To answer your "maybe there should be one?" question. What you're describing
sounds like this: [https://flatfile.io/](https://flatfile.io/). It was shared
here 2 months ago.

Though to answer your original question:

> How do you handle Excel import/exports in your apps

One way we go about that is: whenever someone uploads a file, create some sort
of UploadRequest record which contains the filepath in S3/Azure/GCS/etc. Then
the actual parsing and validation is spun off in a worker process. That way
the web process isn't locked and we can pub progress
((processed_rows/row_count).percentage) on authorized subs. If that worker
process ends, update the UploadRequest record status and dump the array of
good_rows/error_rows in some column for that record. Users see that the status
for that UploadRequest is updated, then they can review the UploadRequest
errors. If there are errors, they download the uploaded file, fix that and re-
upload again. At the start you can also provide a template to "gate" your
upload, if it doesn't match your template you blow up UploadRequest with the
proper error. If all is good, they click "Process" or something, which
actually inserts the rows or does whatever.

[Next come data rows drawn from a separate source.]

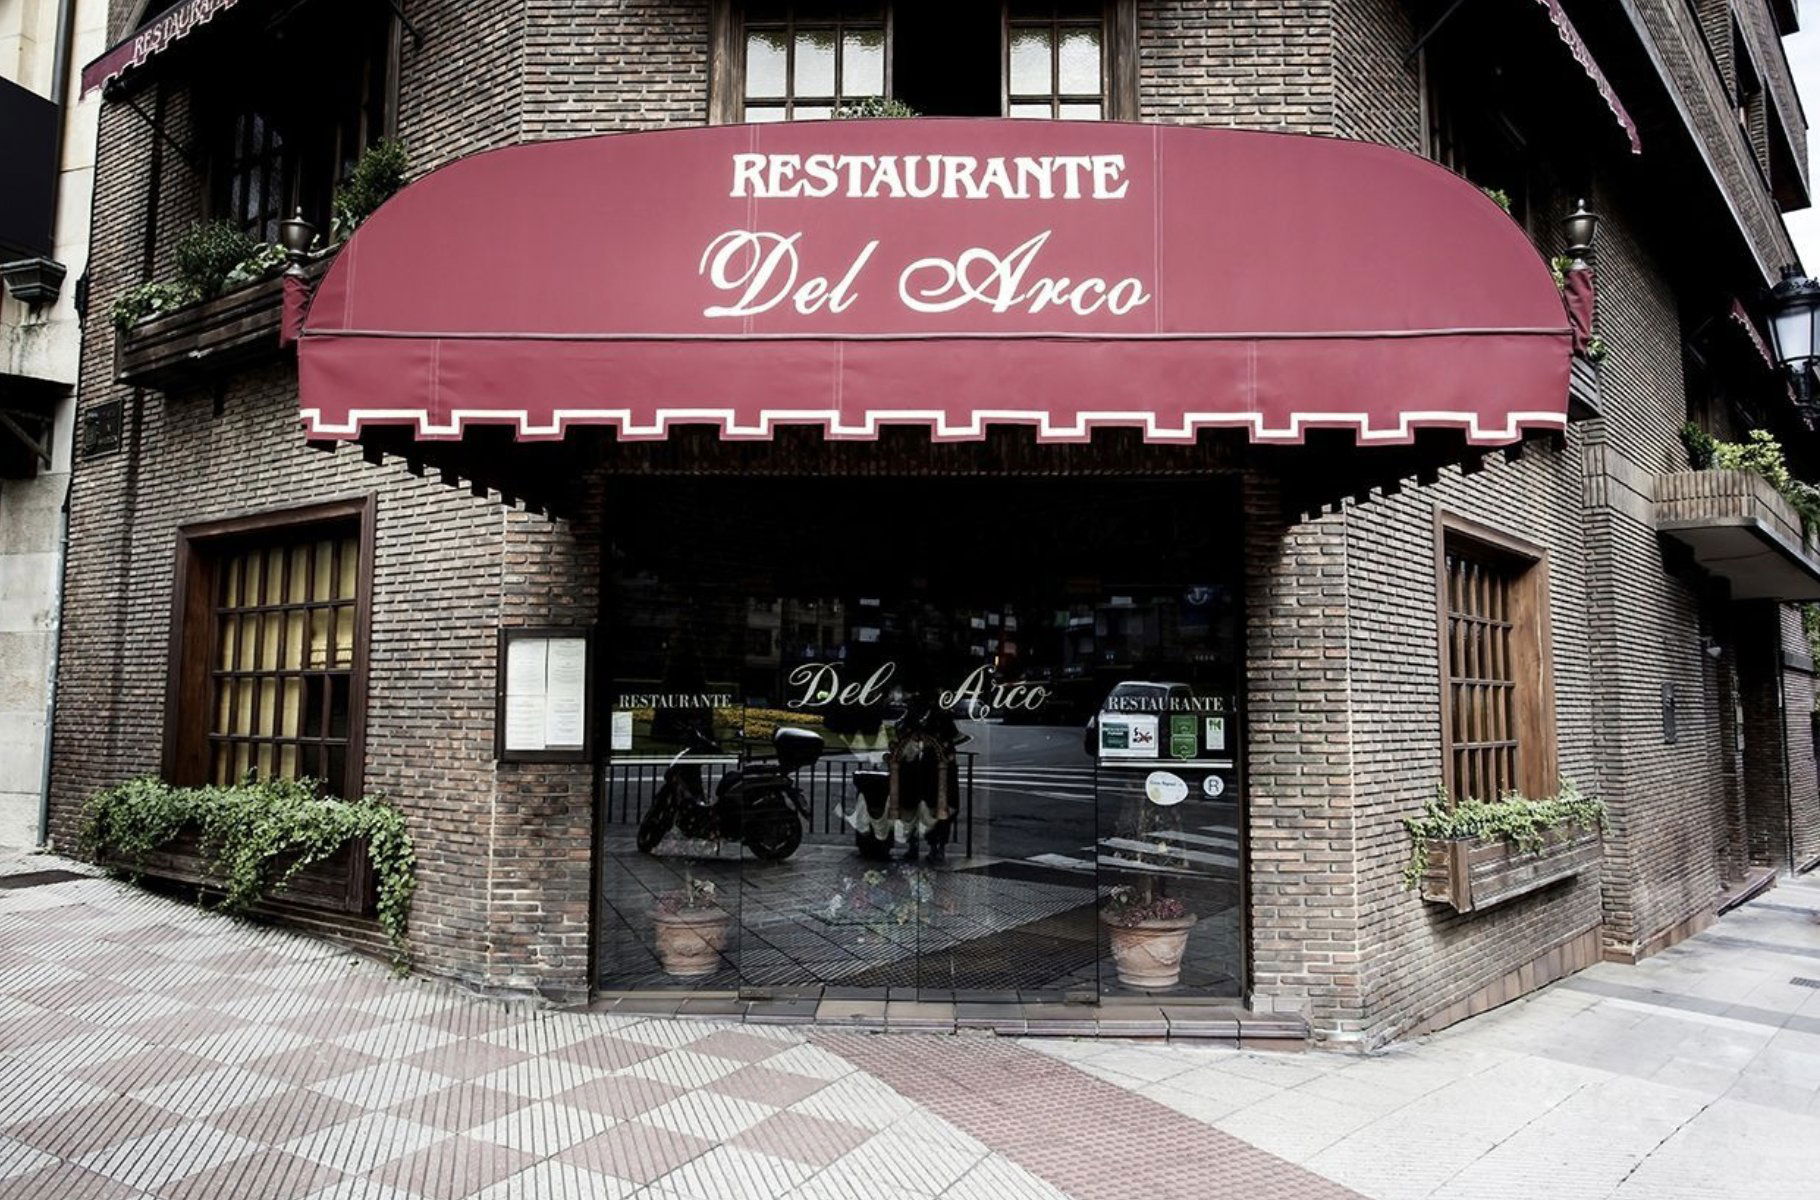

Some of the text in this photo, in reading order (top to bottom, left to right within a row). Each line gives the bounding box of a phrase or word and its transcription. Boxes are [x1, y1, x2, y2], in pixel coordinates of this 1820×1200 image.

[729, 153, 1129, 200] RESTAURANTE
[699, 229, 1150, 318] Del Arco
[619, 694, 732, 708] RESTAURANTE
[787, 661, 1053, 722] Del Arco
[1108, 696, 1224, 711] RESTAURANTE
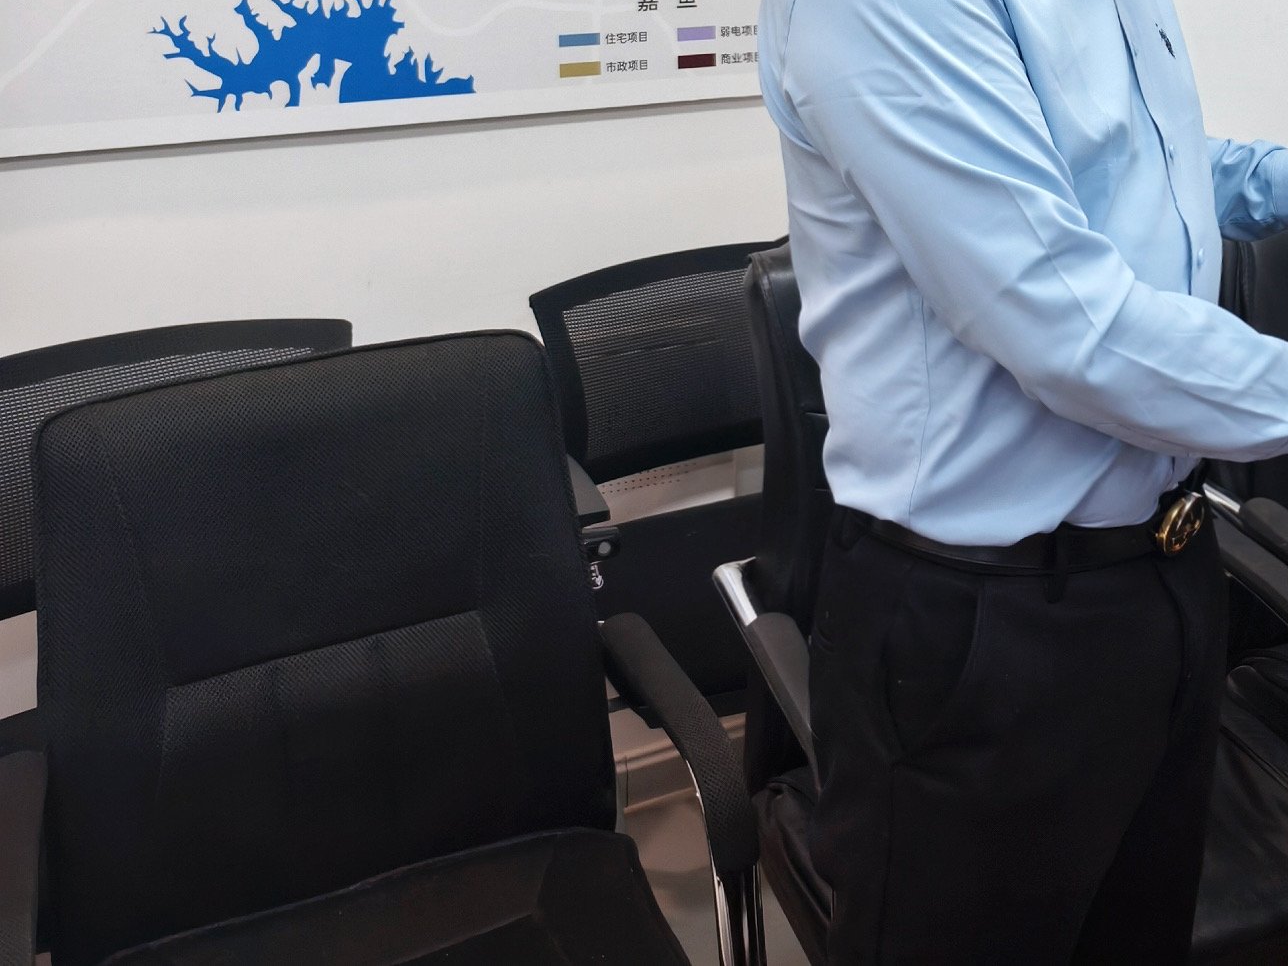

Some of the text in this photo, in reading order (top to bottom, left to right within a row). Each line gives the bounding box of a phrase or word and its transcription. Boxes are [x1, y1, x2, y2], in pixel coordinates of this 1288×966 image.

Again, that’s just one way.

If bizdev asks to make a feature that allows fixing those rows in your app
without leaving the browser, we find that it slowly feature creeps into Google
Sheets territory, which is a BIG undertaking and a separate feature on it’s
own. It's a nice experience to do in-app editing but we try to see if most of
our Excel uploaders would prefer to go back to Excel for editing. Sometimes we
find that they’ll prefer going back to Excel because they’ll use the same
excel sheet for other purposes in their process (send that Excel as an email
to another department, use that and aggregate it as a separate report, etc.).

But really, the hardest part in Excel uploads isn't server resources,
progress, file encoding, or timeouts, it's the validation. There are different
levels of validation: from presence checks, formatting, type-checking to
running a row or a cell against business logic, 3rd-party API calls or records
in your database. This is where most User errors arise, because you'd have to
educate them on what values to put if you're referencing something in your
business logic (special abbreviated codes, special combination of codes, date
formats, etc.).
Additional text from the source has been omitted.